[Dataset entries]

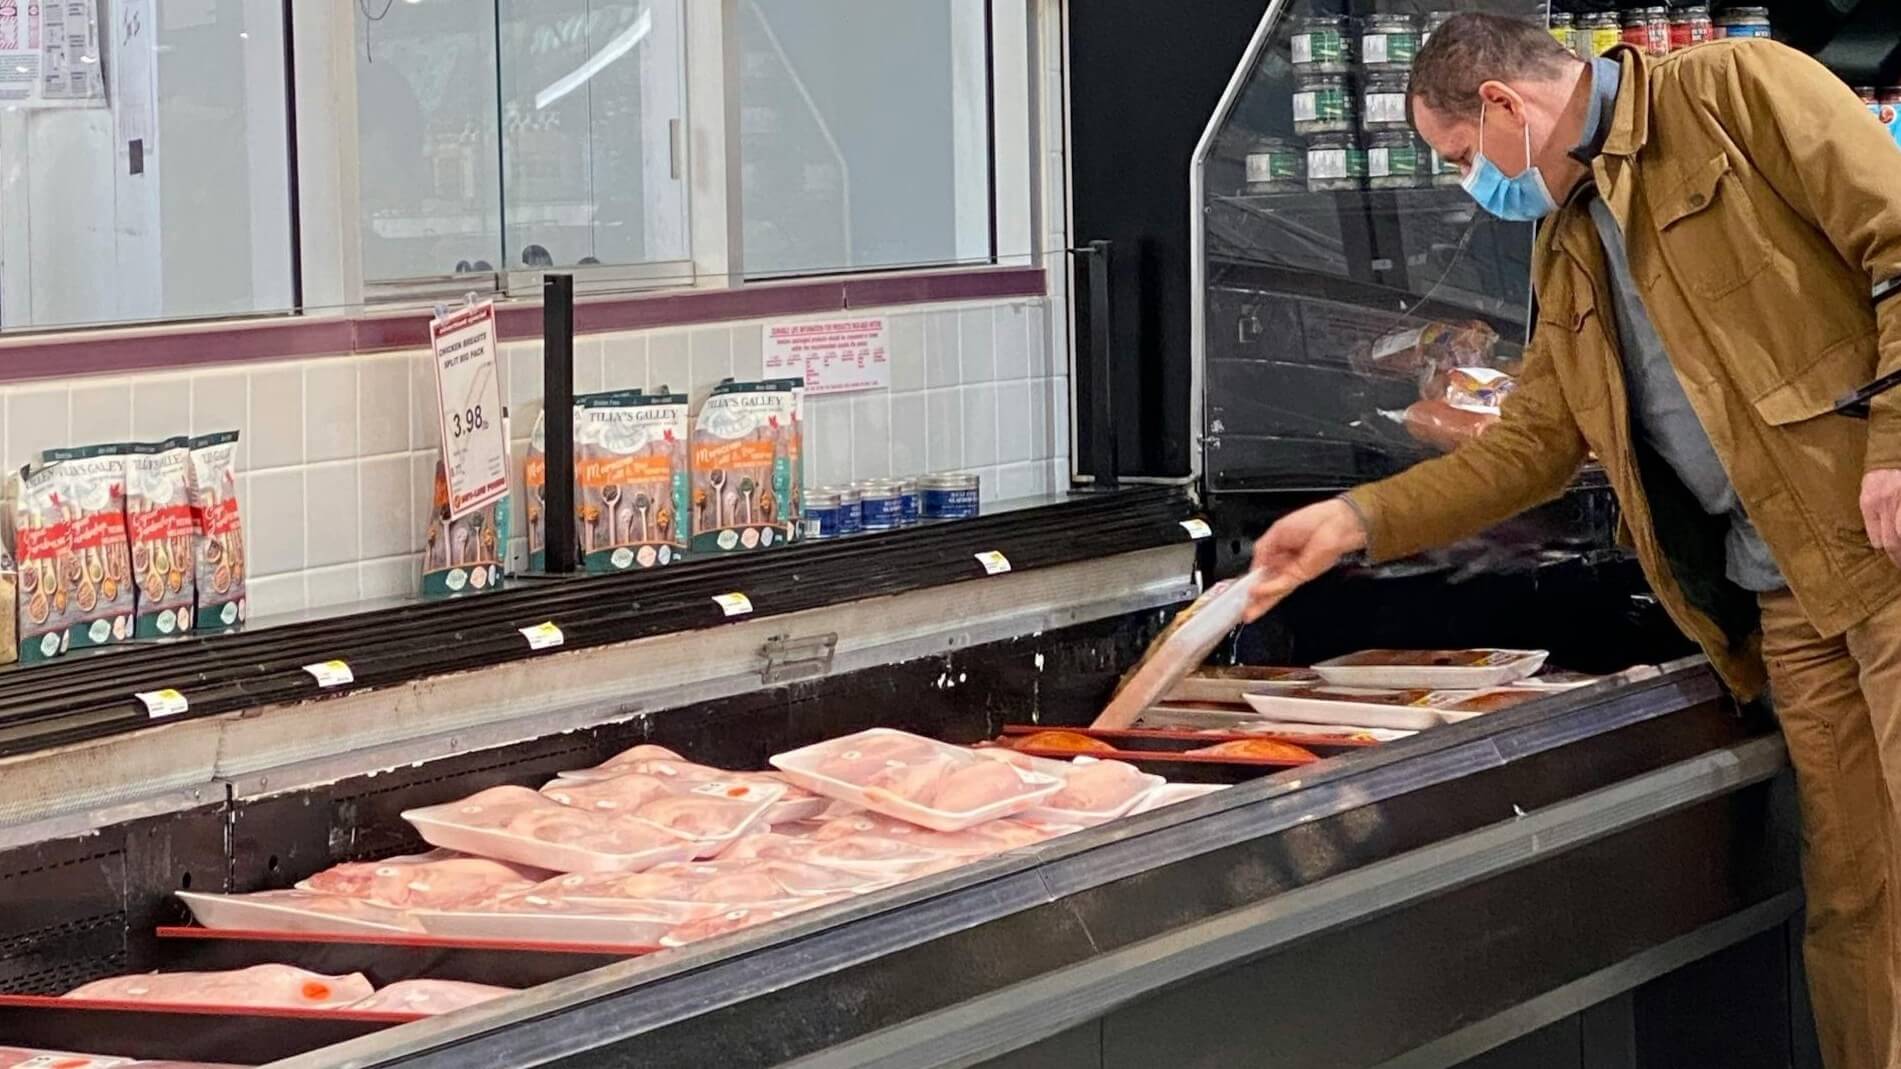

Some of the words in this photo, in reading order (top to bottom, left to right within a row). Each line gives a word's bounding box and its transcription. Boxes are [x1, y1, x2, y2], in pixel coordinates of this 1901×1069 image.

[439, 342, 462, 357] CHICKEN
[463, 332, 487, 347] BREASTS
[444, 357, 459, 368] SPLIT
[470, 347, 485, 359] PACK
[453, 405, 482, 438] 3.98

▶ **Directions**: The task calls for every line of the data to be returned exactly, without pictures.

▶ **Result for this exercise**:
Some of the words in this photo, in reading order (top to bottom, left to right within a row). Each line gives a word's bounding box and its transcription. Boxes are [x1, y1, x2, y2], in pixel coordinates of this 1901×1069 image.

[439, 342, 462, 357] CHICKEN
[463, 332, 487, 347] BREASTS
[444, 357, 459, 368] SPLIT
[470, 347, 485, 359] PACK
[453, 405, 482, 438] 3.98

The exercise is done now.